Die Zahl der sozialversicherungspflichtig Beschäftigten insgesamt lag im Juni mit 580 700 im Vergleich zum Vorjahr um etwa 3700 niedriger. Vor allem die Metall- und Elektroindustrie sowie das Gastgewerbe verzeichneten einen personellen Aderlass. «Die demografische Entwicklung macht sich leider bemerkbar - wir haben weniger Menschen, die dem Arbeitsmarkt zur Verfügung stehen», erklärte Wirtschaftsminister Reinhard Meyer. Umso wichtiger sei es, bei der Fachkräftegewinnung neue Wege zu gehen. Dazu gehörten eine strukturierte Fachkräfteeinwanderung, gezielte Weiterbildung und die Stärkung der Ausbildung.

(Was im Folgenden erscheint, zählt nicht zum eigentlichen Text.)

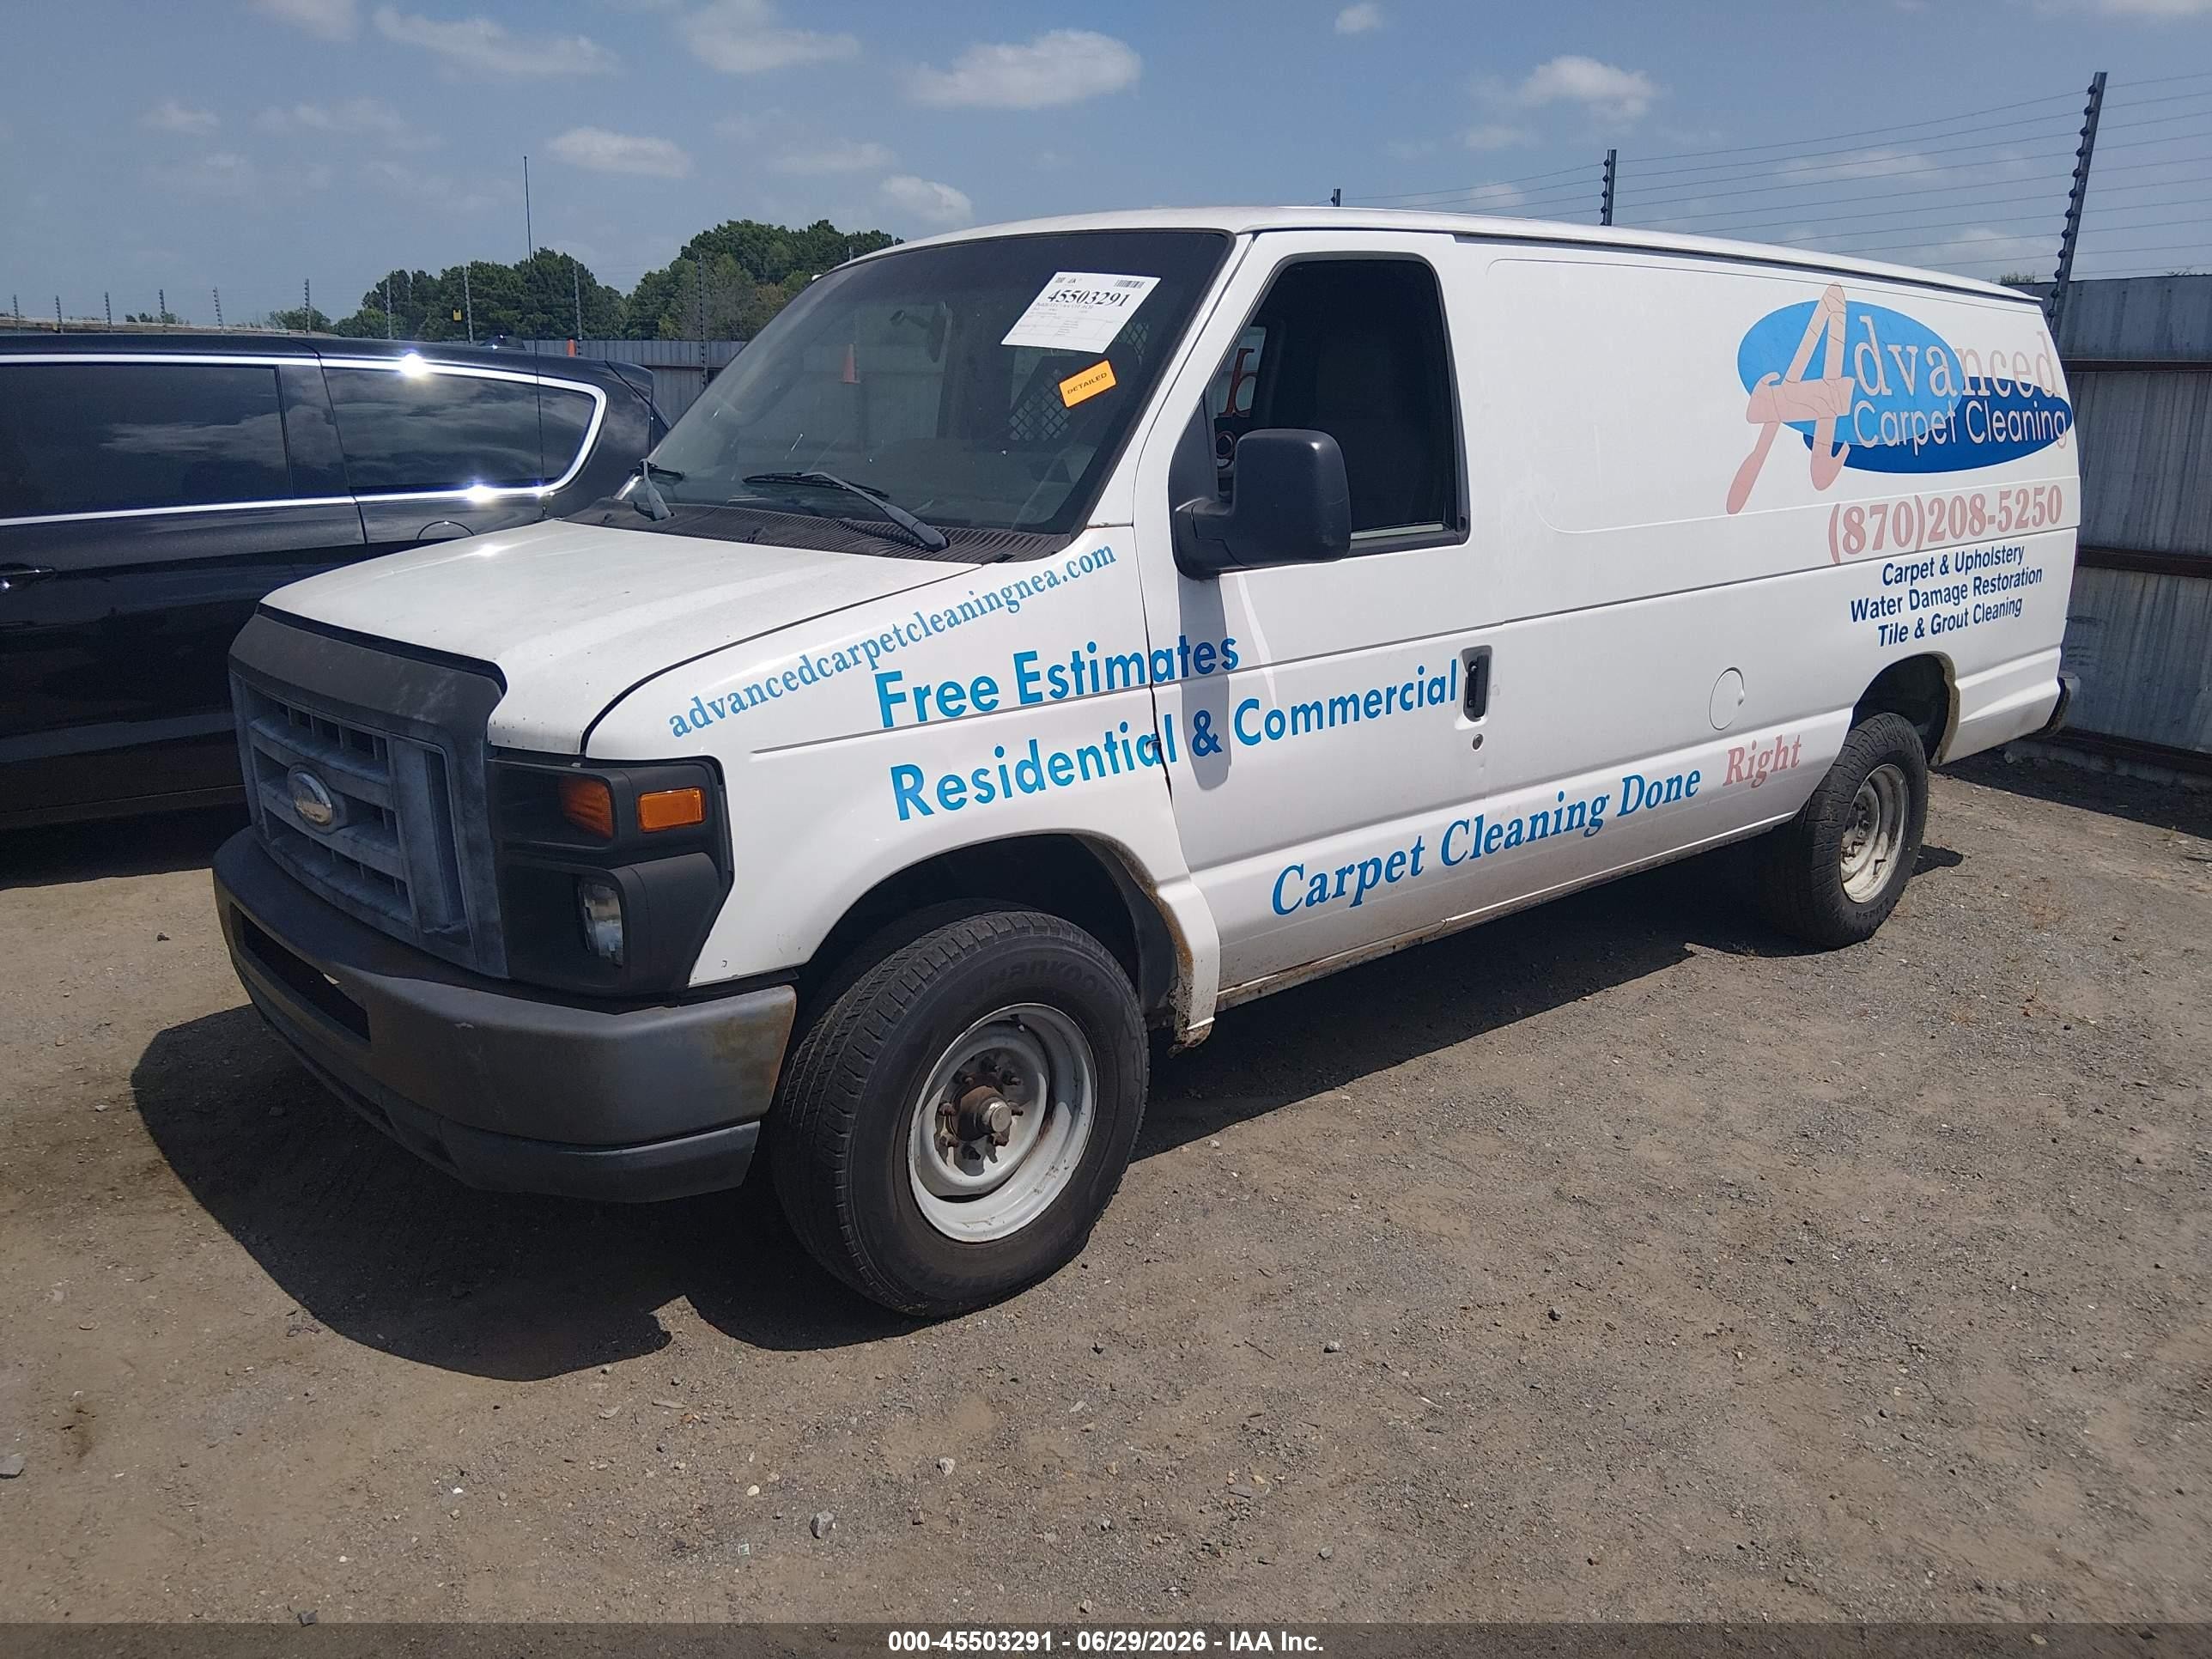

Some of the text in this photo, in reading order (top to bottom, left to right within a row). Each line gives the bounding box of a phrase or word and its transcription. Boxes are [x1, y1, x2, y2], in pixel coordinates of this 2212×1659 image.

[1048, 289, 1132, 307] 45503291
[1066, 372, 1108, 394] DETAILED
[1726, 282, 2062, 514] Advanced
[1853, 400, 2068, 455] Carpet Cleaning
[1828, 484, 2062, 565] (870)208-5250
[1850, 567, 2042, 623] Water Damage Restoration
[1882, 545, 2025, 586] Carpet & Upholstery
[669, 543, 1116, 738] advancedcarpetcleaningnea.com
[1878, 597, 2022, 647] Tile & Grout Cleaning
[875, 634, 1239, 728] Free Estimates
[891, 659, 1457, 822] Residential & Commercial
[1273, 732, 1802, 915] Carpet Cleaning Done Right

3300 Ausbildungsplätze unbesetzt
Trotz des offiziellen Ausbildungsbeginns im August sei auf dem Ausbildungsmarkt viel in Bewegung, sagte Biercher. Etwa 3300 Ausbildungsplätze seien noch als unbesetzt gemeldet. Vor allem der Einzelhandel, die Gastronomie und das Hotelgewerbe böten zahlreiche offene Lehrstellen. Für unversorgte Schulabgänger gebe es kurzfristig Beratungstermine.
Laut Statistik hatten im August etwa 1400 junge Leute in MV noch keinen Ausbildungsplatz. Biercher warb dafür, auch Jugendlichen mit schwächeren schulischen Leistungen eine Chance zu geben, sie persönlich zu beurteilen und nicht nach Aktenlage. Die Arbeitsagentur gewähre für den Anfang Unterstützung etwa durch eine Einstiegsqualifizierung oder eine assistierte Ausbildung.
Die FDP-Landtagsabgeordnete Sabine Enseleit warf der Landesregierung vor, Jugendlichen ohne Schulabschluss nicht die nötige Aufmerksamkeit zukommen zu lassen. So gebe es kaum Informationen über deren Lebensweg und soziale Situation. Für geeignete Chancenprogramme fehle der Landesregierung das notwendige Wissen.